The UCP government predicts that expenses for the 2020–2021 fiscal year will be nearly $51 billion, about $2.6 billion more than they had originally budgeted. The vast majority of that has been or will be spent on COVID-19 initiatives.
Here’s how it breaks down by ministry:
|Community & Social Services||$60||–||$48|
|Econ. Dev., Trade & Tourism||–||–||$316|
|Environment & Parks||–||–||$367|
|Labour & Immigration||$114||–||$273|
The UCP government originally planned to spend only $500 million on their COVID-19 response during this fiscal year. Instead, they estimate having to spend 600% more than that. Combined with how much they spent at the end of the last fiscal year, they expect a total of $3.2 billion to go toward COVID-19 initiatives.
The government will be increasing the operating (non-pandemic) expense budget by only $87 million, with actual increases being seen in only the advanced education ($179 million), health ($301 million), and transportation ($3 million) ministries.

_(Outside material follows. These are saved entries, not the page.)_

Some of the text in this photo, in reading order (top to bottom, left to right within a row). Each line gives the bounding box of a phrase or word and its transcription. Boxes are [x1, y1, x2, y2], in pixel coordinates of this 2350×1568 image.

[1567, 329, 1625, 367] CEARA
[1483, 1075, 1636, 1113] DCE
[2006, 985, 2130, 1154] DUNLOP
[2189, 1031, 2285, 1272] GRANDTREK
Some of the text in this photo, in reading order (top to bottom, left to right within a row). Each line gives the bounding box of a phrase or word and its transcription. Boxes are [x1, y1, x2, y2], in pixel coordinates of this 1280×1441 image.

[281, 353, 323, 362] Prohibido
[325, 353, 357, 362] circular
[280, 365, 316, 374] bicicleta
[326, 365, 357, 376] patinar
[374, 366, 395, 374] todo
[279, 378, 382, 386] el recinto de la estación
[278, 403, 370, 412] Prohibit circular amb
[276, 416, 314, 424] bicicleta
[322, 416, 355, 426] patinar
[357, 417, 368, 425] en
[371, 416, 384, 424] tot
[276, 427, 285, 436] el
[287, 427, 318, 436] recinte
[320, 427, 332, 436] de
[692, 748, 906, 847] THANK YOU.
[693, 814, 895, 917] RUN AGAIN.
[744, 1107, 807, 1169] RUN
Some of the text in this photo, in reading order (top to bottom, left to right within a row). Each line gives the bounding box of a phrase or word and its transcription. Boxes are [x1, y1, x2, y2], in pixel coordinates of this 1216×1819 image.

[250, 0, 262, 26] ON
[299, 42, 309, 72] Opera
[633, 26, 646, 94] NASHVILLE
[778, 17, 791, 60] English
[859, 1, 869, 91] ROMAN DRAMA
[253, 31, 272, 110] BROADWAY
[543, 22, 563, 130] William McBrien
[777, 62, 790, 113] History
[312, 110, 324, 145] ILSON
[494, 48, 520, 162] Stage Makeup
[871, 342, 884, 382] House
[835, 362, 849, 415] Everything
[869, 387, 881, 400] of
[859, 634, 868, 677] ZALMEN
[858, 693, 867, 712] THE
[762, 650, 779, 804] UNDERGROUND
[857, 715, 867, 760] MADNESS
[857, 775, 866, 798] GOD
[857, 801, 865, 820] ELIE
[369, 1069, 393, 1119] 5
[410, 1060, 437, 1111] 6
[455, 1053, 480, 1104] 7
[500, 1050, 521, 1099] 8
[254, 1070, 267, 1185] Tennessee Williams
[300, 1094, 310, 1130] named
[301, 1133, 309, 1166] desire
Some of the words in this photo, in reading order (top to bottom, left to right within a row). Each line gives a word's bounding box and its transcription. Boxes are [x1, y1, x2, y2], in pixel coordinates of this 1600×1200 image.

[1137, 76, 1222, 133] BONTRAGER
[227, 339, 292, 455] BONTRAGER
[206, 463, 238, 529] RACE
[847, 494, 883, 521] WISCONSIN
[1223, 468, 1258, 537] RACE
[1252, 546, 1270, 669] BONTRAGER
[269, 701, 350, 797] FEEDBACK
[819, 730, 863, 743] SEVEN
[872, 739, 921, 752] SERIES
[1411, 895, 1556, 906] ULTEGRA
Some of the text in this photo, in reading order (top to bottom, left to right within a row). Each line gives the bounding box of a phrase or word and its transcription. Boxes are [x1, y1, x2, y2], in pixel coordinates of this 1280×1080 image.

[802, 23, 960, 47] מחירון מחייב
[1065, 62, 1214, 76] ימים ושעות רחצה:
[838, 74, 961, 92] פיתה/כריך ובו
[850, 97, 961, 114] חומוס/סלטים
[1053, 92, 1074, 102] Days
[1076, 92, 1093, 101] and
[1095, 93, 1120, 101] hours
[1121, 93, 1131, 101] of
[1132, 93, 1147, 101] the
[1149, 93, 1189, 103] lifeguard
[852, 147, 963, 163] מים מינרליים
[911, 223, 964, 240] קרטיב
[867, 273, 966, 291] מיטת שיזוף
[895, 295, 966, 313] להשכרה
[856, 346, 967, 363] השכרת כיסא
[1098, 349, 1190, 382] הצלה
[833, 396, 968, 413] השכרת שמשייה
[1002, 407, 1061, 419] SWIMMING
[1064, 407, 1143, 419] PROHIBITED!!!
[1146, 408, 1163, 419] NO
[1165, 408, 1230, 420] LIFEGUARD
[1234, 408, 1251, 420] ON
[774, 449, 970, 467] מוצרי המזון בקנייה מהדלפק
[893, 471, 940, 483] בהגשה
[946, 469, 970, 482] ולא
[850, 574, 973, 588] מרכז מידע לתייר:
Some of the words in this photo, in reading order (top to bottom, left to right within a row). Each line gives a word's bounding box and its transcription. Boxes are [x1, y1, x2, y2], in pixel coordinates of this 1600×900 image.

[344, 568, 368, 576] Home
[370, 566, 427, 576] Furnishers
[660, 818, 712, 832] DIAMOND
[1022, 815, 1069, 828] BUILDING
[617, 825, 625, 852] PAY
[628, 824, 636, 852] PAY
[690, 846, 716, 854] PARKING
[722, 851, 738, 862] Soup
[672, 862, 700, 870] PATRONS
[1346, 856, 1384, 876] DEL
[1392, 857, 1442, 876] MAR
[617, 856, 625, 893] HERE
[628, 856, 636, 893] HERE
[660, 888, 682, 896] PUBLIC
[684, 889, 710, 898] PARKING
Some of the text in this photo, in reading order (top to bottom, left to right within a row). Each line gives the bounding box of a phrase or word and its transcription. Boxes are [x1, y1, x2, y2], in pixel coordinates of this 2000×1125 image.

All other ministries will see reduced expenses—a total of $438 million in budget cuts—with the largest ones being in Treasury Board and finance ($152 million), education ($132 million), and Indigenous relations ($99 million).
At the end of the last fiscal year, the provincial government had borrowed $15.04 billion. Less than 10% of it went to provincial corporations or government business enterprises. Most of it when to the government.
This year, the UCP had planned to borrow slightly more than that: $15.791 billion. They’ve since increased that by 81% to $28.553 billion in borrowing. Of that $28.553 billion, only $5.522 appears to be going to capital projects. Presumably, the other $23 billion in loans will be used to fund operating expenses.
Oh, and keep in mind that the $28.553 in borrowing is a net borrowing amount. The UCP government plans to take on nearly $30 billion in new debt this year, but $1.5 billion of that will be offset by changes in the money market.
So, to sum up:
$38.4 billion in revenue
-$62.6 billion in expenses
$24.2 billion deficit
Funny enough, that’s almost how much Toews authorized himself to borrow back in April.